Figure 1: Correlation and cosine similarity between LLM cultural representation and ground-truth as a function of cultural distance from the US; GPT and Claude show clear negative alignment trends as distance increases, unlike Gemini.
Systemic Facet-Level Misrepresentation
Facet-specific MSE reveals that all models tend to misallocate prominence to certain cultural axes (notably Performance and Art, Cuisine, VNBM). Qualitative assessment shows a tendency toward over-saturated, encyclopedic coverage, diluting authentic priority hierarchies observed in human data.
Figure 2: Facet-level MSE quantifying discrepancy between each LLM's output and native importance, aggregated by facet and model.
LLMs routinely underrepresent or flatten the relative magnitude of locally salient facets, producing responses that are broad but insufficiently sensitive to native-defined priorities.
Figure 3: Radar chart comparison of native (GSC) and LLM cultural profiles for select countries, highlighting the tendency of LLMs to output balanced facet distributions rather than mirroring local prioritization.
Error matrices (EM) constructed for each model (country × facet) demonstrate near-perfect cross-model correlation (ρ>0.97), evidencing convergence in misrepresentation signatures.
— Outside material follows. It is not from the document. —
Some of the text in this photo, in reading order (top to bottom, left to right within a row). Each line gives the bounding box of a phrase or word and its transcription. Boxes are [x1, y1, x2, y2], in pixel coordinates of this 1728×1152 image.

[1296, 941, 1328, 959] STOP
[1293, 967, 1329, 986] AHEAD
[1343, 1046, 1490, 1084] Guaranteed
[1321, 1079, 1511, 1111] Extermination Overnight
This high-fidelity error alignment suggests that misalignment is primarily a function of shared training biases and global web-scale data, not architecture-specific deficiencies.
Figure 4: Inter-model error consistency; left shows correlation by country, right by facet. Consistency across models is uniformly high, especially at the country level.
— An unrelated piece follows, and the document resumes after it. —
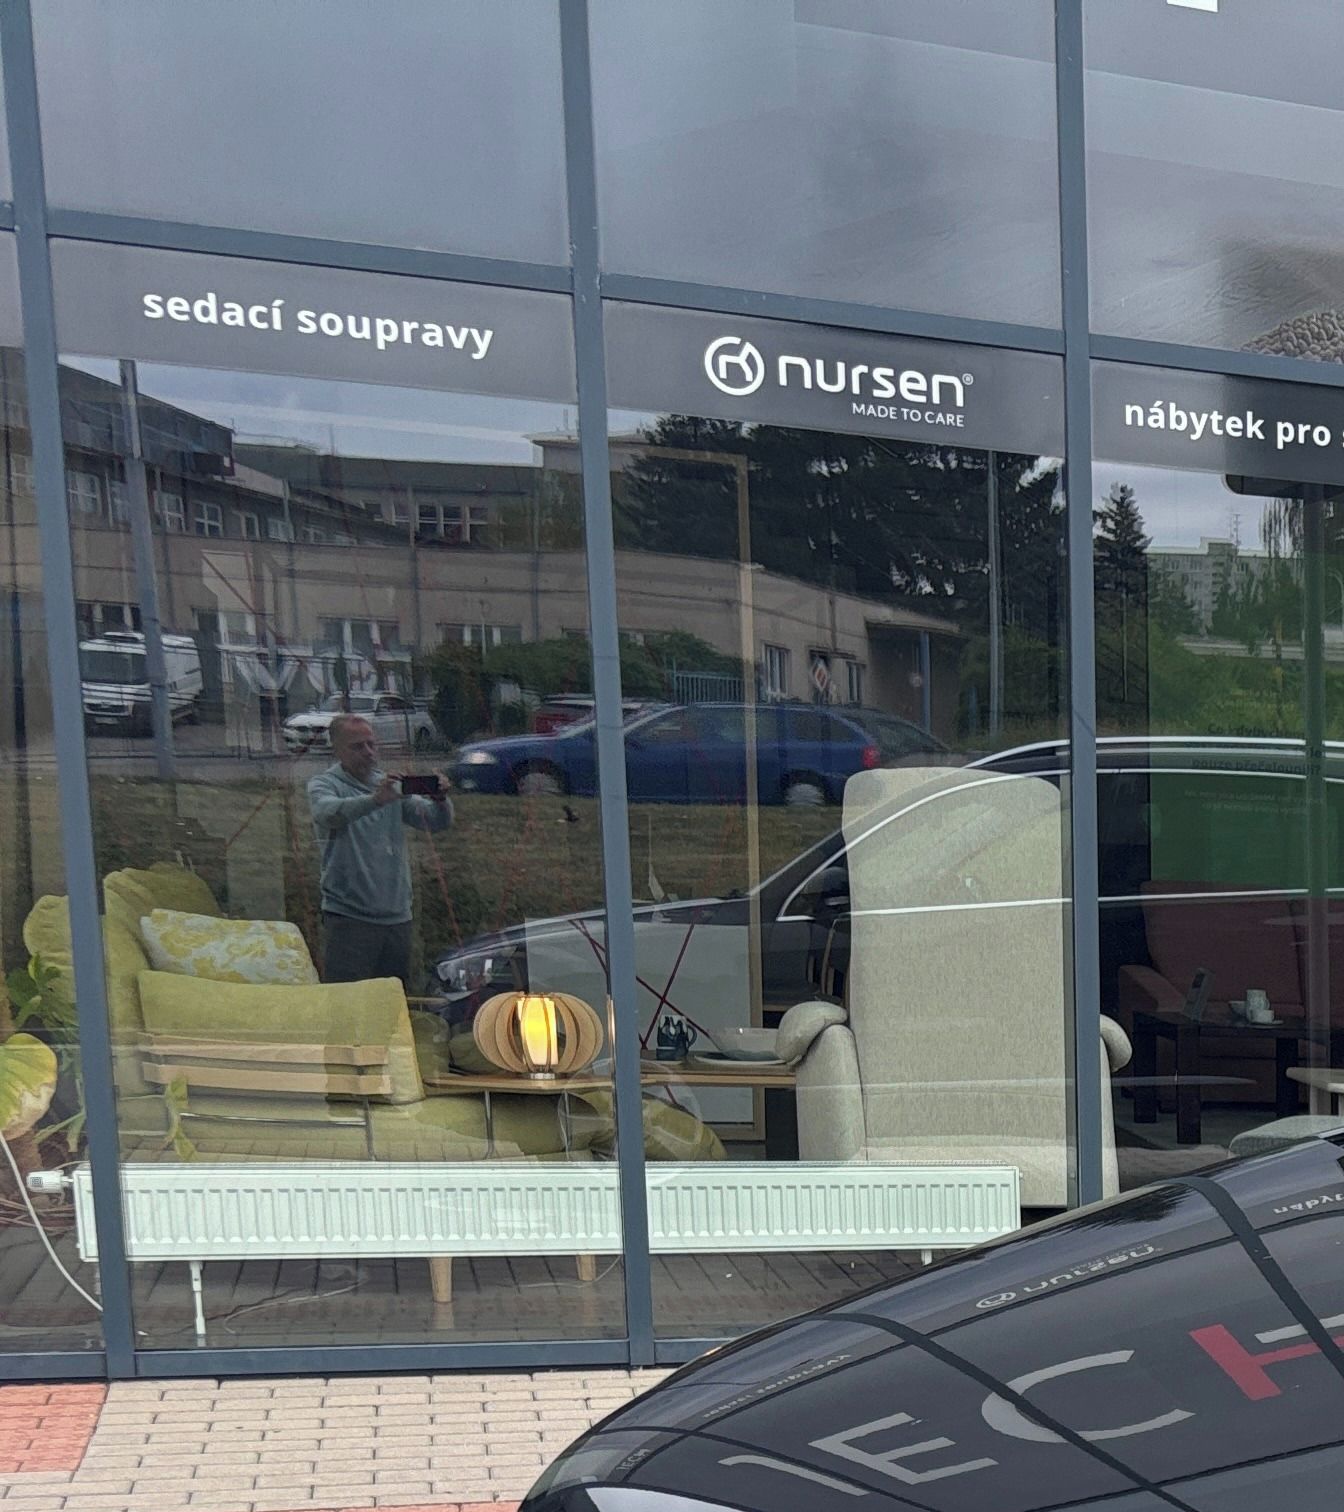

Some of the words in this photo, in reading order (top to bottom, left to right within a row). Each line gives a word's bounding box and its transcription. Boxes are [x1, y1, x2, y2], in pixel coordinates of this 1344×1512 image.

Implications and Theoretical Context
The findings substantiate a touristic gaze effect in LLMs—models saturate responses with externally legible, "front stage" cultural markers while neglecting the nuanced, internally prioritized elements expressed by natives. This overgeneralization aligns with prior sociological and anthropological constructs (e.g., Urry’s "Tourist Gaze", Appadurai’s "Mediascapes"), underscoring the risk of algorithmic reinforcement of homogenized, outsider-centric cultural narratives.
Practically, this represents a significant limitation for LLM deployment in globalized, culturally sensitive contexts—LLMs may provide informationally rich yet inauthentic responses, perpetuating Western-centric priorities and potentially occluding local representational agency. The systemic and model-agnostic nature of these errors highlights the need for interventions that transcend architecture: diversification of pretraining corpora, explicit coupling with human importance signals, and dynamic adaptation to local user feedback.
Future Directions
Future model evaluation frameworks must shift toward user-priority-aware alignment, departing from surface-level coverage metrics. Key development angles include:
- Incorporation of interactive or reinforcement learning grounded in native user feedback.
- Stratified pretraining or fine-tuning on corpus slices curated for authentic, local salience.
- Real-time recalibration or re-ranking of outputs based on user context and evolving human baselines.
The approach outlined in this work offers a scalable blueprint for evaluating and ultimately enhancing the authenticity of LLM cultural representations, moving the field closer to truly user-aligned generative AI.
Conclusion
This paper delivers a rigorous, dual-study framework for quantifying LLM cultural authenticity at the intersection of anthropology, NLP, and evaluation science (2604.03493). By grounding comparative analysis in the authentic priorities of native populations, the work exposes systemic, Western-centric misalignment in current frontier models, with error patterns consistent across model families and countries. The results emphasize the need for human-centered, priority-sensitive evaluative paradigms as a prerequisite for equitable and authentic representation in global language technologies.